++++ Entries shown ++++

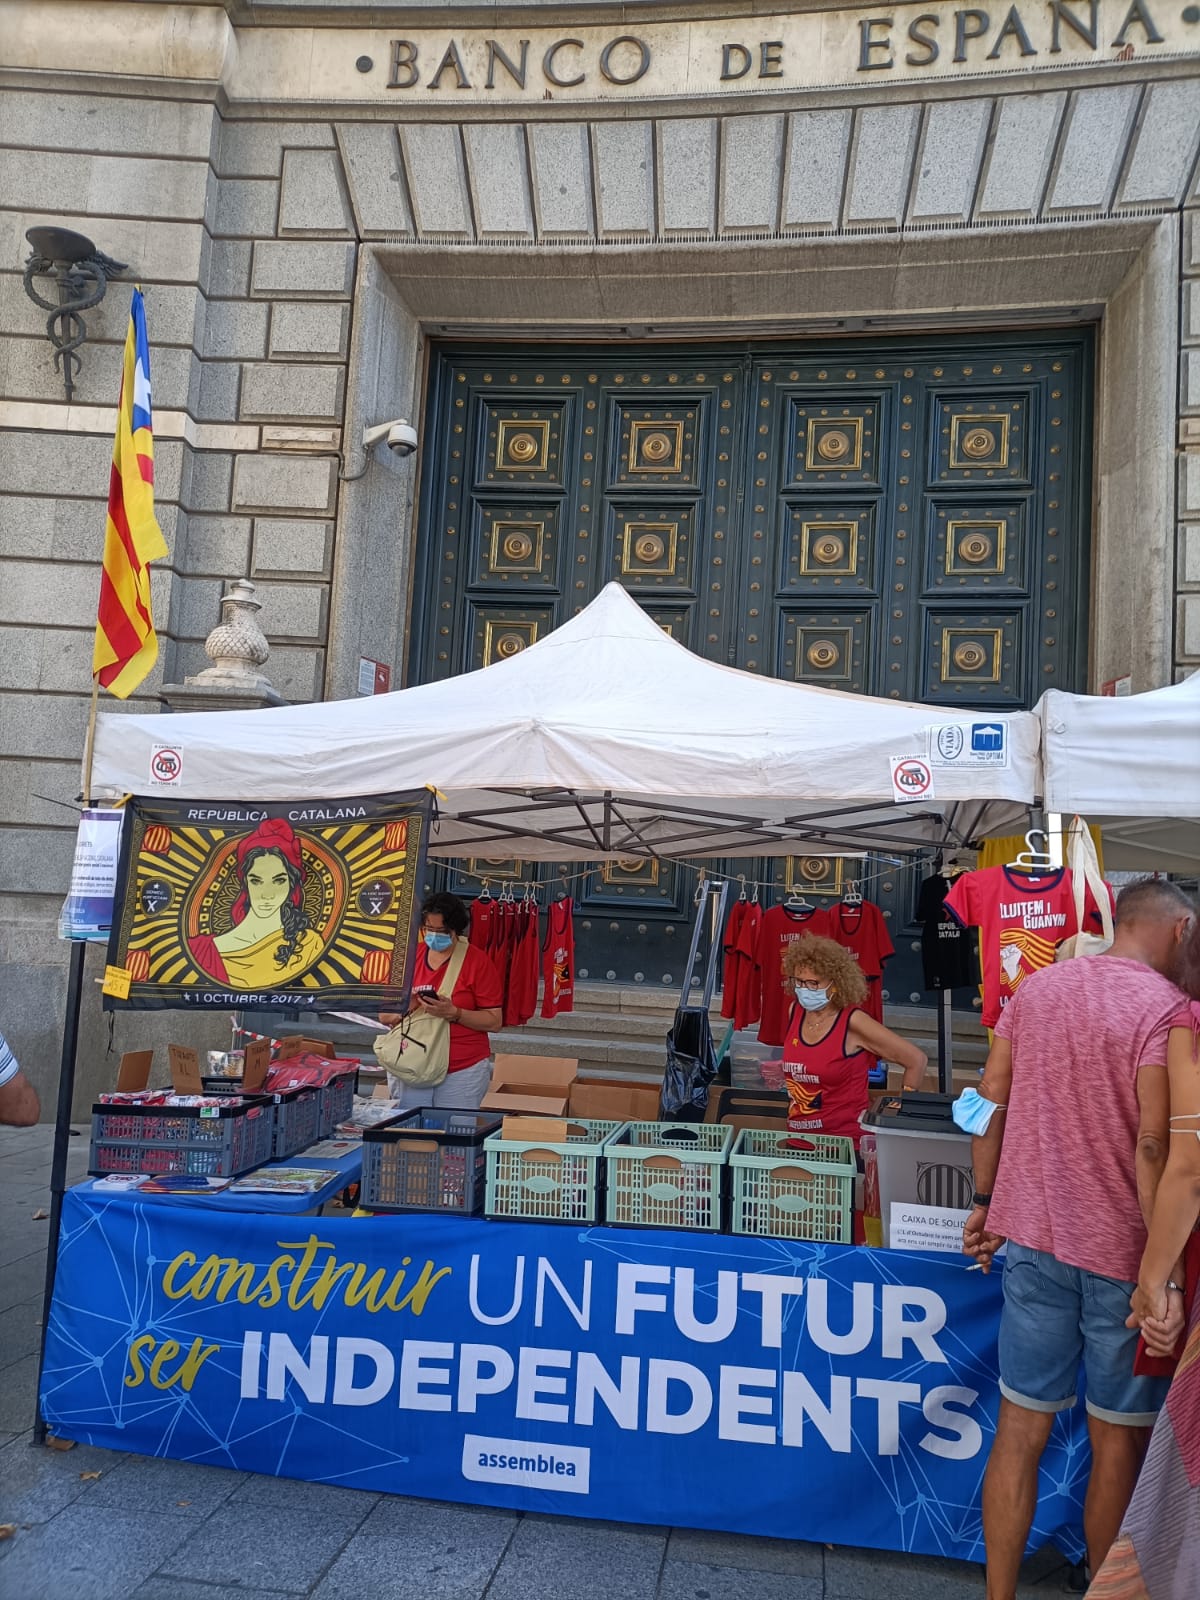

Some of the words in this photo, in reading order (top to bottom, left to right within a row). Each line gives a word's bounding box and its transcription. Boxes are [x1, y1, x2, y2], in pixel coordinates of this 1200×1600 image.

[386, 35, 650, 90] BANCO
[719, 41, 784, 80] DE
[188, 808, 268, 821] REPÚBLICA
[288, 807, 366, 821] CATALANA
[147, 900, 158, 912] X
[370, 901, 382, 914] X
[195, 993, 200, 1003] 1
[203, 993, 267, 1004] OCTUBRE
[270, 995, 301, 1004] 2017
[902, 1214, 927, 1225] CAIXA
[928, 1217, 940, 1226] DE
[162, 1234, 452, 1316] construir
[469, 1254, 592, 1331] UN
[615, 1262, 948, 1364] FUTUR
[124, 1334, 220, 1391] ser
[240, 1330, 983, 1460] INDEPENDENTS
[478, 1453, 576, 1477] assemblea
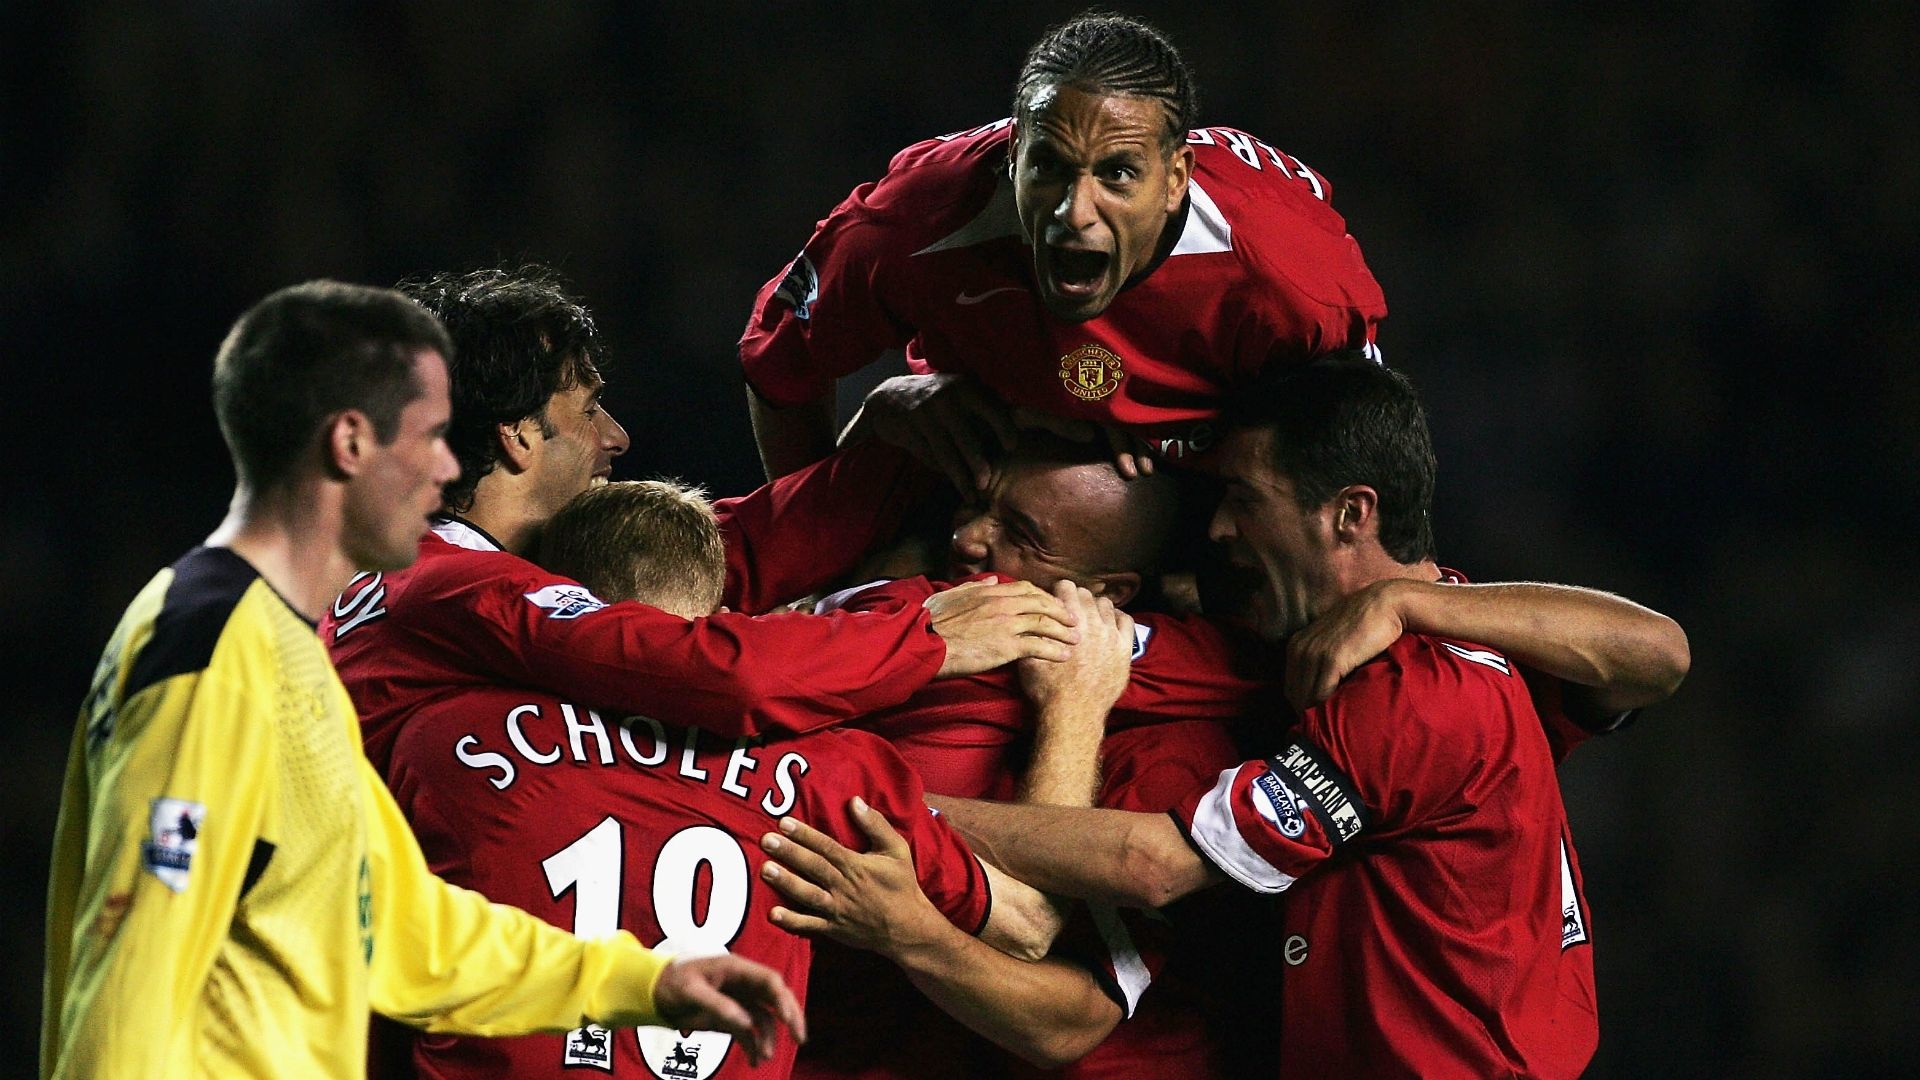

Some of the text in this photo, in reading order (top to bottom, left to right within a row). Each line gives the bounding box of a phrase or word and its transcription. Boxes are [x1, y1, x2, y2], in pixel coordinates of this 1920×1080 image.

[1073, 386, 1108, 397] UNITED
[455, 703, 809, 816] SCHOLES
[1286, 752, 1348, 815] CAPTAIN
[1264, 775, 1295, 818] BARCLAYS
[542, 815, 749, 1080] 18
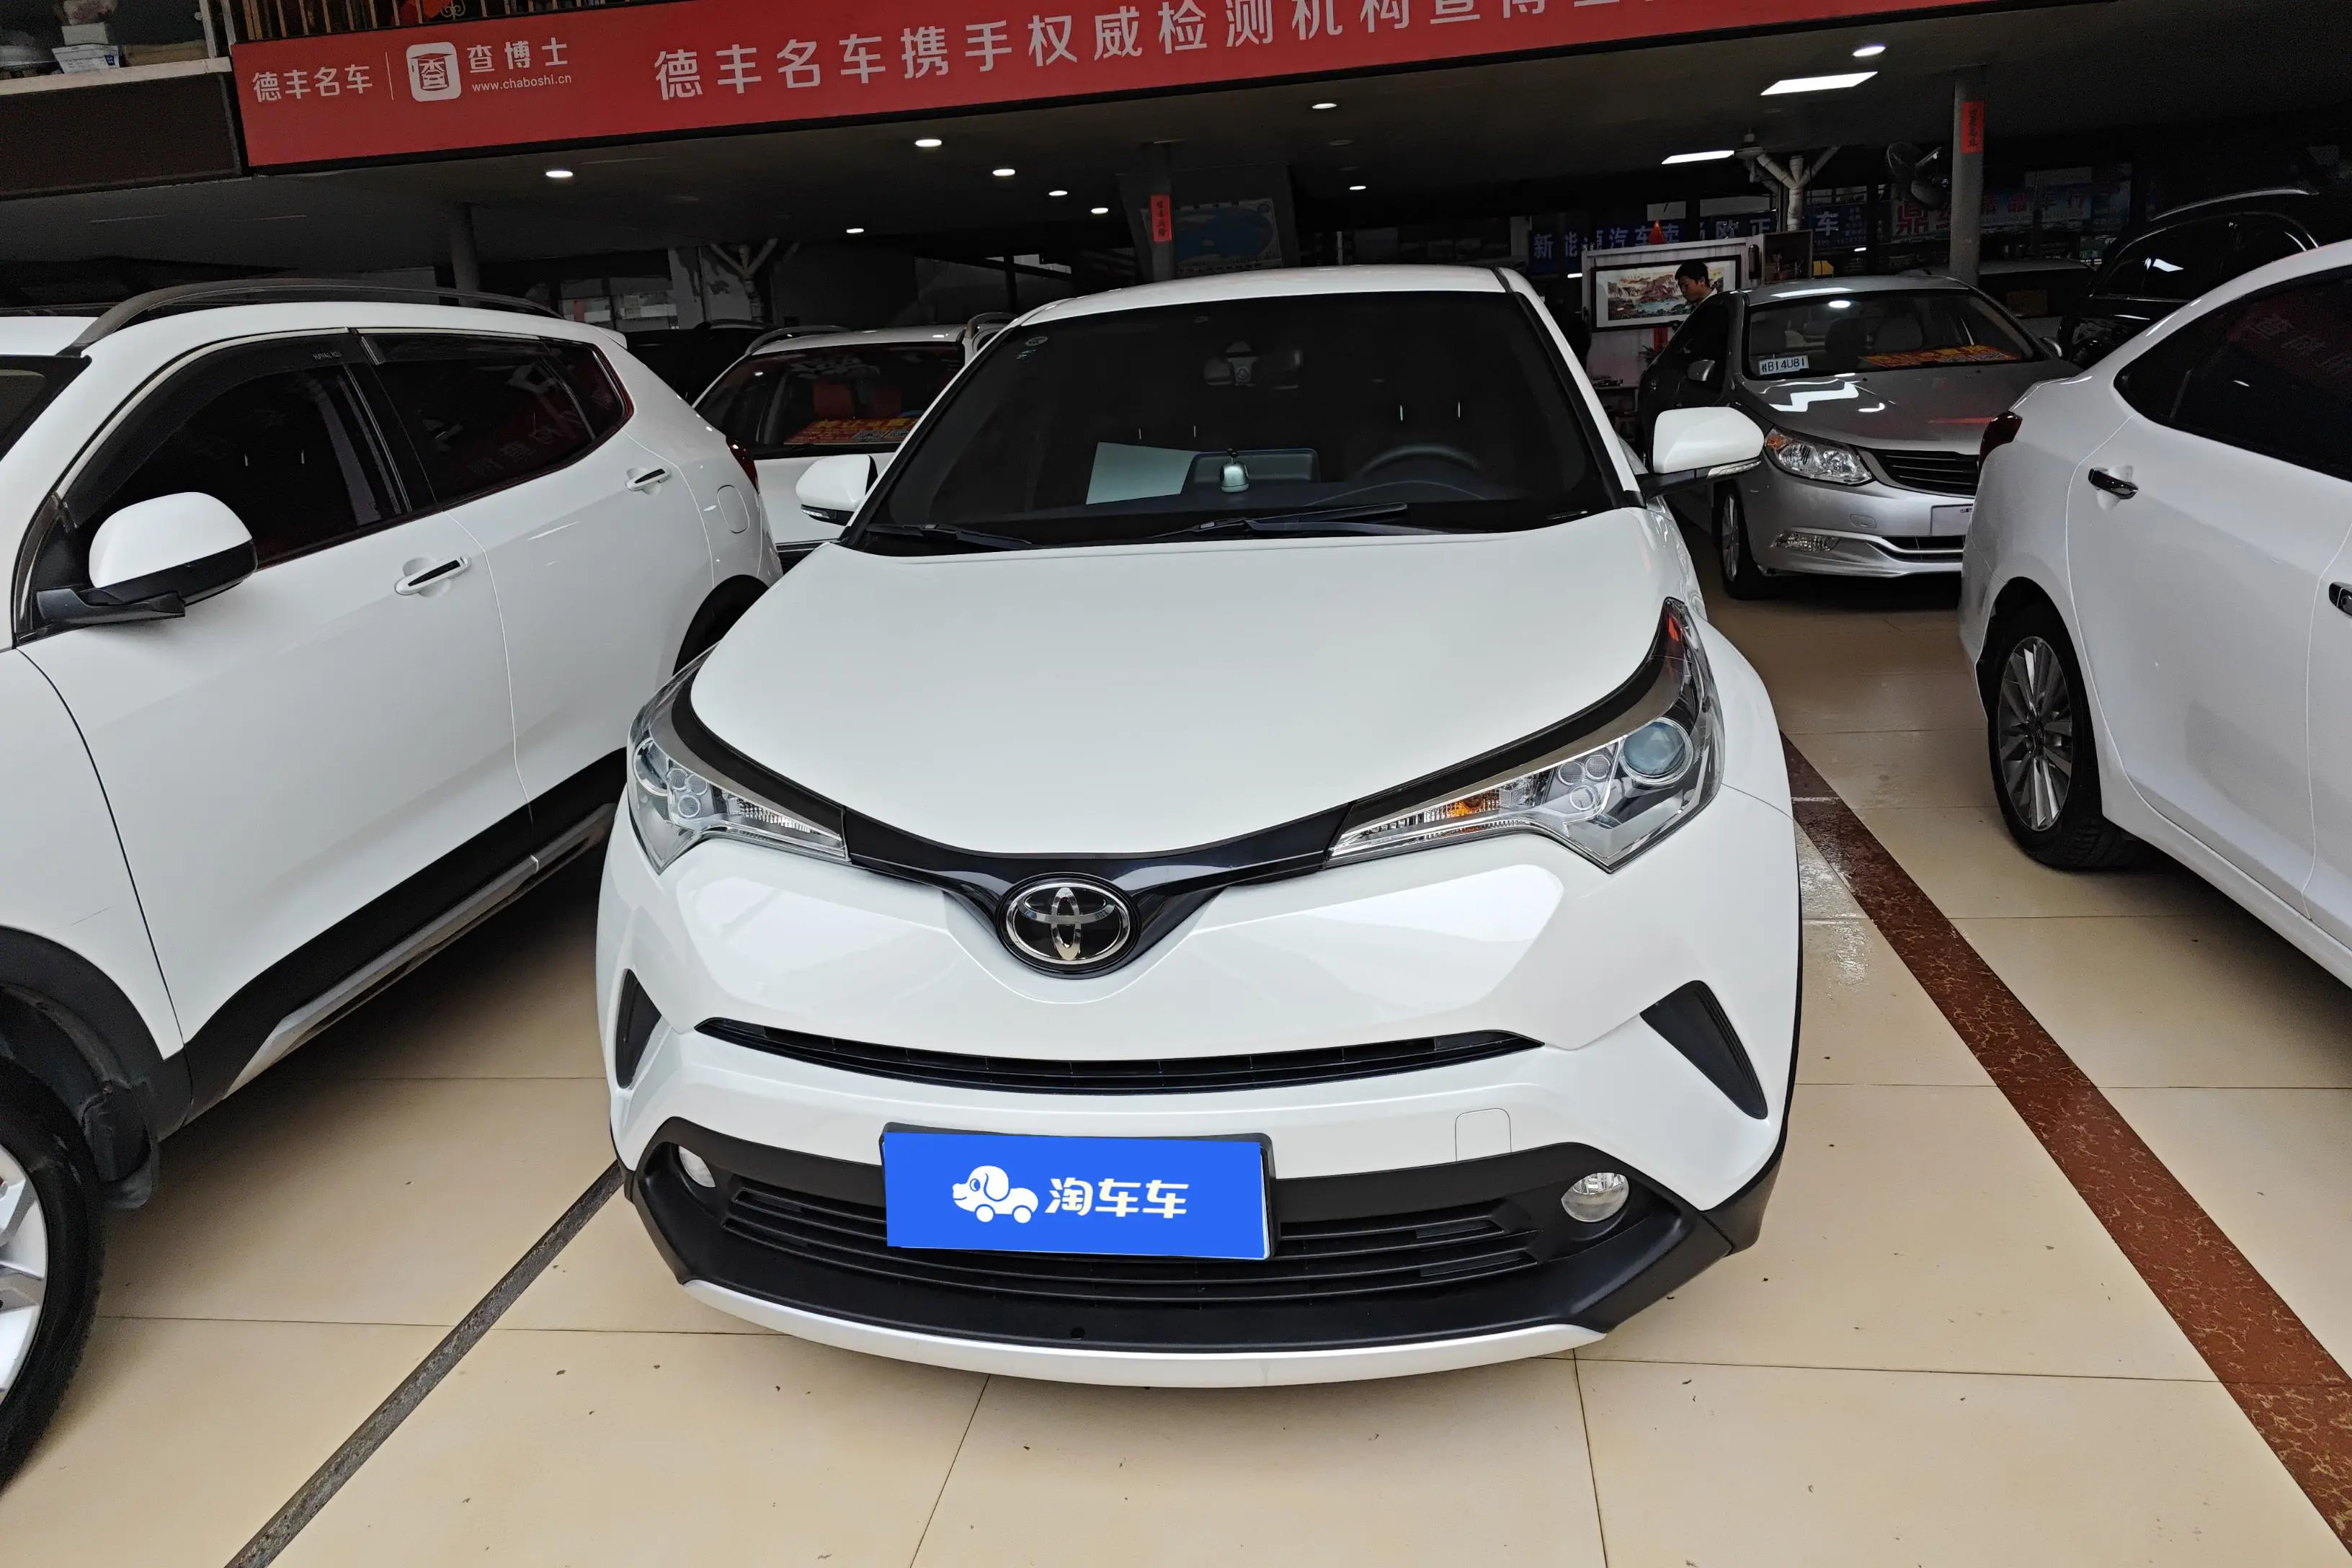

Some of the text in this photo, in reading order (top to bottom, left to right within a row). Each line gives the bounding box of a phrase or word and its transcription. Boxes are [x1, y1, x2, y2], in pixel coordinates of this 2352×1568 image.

++++

Assignment:
Images are to be excluded, and each record above written out word for word.

Task result:
Some of the words in this photo, in reading order (top to bottom, left to right within a row). Each line gives a word's bounding box and its transcription. Boxes are [x1, y1, x2, y2], in pixel coordinates of this 1200×1600 image.

[386, 35, 650, 90] BANCO
[719, 41, 784, 80] DE
[188, 808, 268, 821] REPÚBLICA
[288, 807, 366, 821] CATALANA
[147, 900, 158, 912] X
[370, 901, 382, 914] X
[195, 993, 200, 1003] 1
[203, 993, 267, 1004] OCTUBRE
[270, 995, 301, 1004] 2017
[902, 1214, 927, 1225] CAIXA
[928, 1217, 940, 1226] DE
[162, 1234, 452, 1316] construir
[469, 1254, 592, 1331] UN
[615, 1262, 948, 1364] FUTUR
[124, 1334, 220, 1391] ser
[240, 1330, 983, 1460] INDEPENDENTS
[478, 1453, 576, 1477] assemblea

Some of the text in this photo, in reading order (top to bottom, left to right within a row). Each line gives the bounding box of a phrase or word and its transcription. Boxes are [x1, y1, x2, y2], in pixel coordinates of this 1920×1080 image.

[1073, 386, 1108, 397] UNITED
[455, 703, 809, 816] SCHOLES
[1286, 752, 1348, 815] CAPTAIN
[1264, 775, 1295, 818] BARCLAYS
[542, 815, 749, 1080] 18

Some of the text in this photo, in reading order (top to bottom, left to right within a row). Each line gives the bounding box of a phrase or word and its transcription. Boxes are [x1, y1, x2, y2], in pixel coordinates of this 2352×1568 image.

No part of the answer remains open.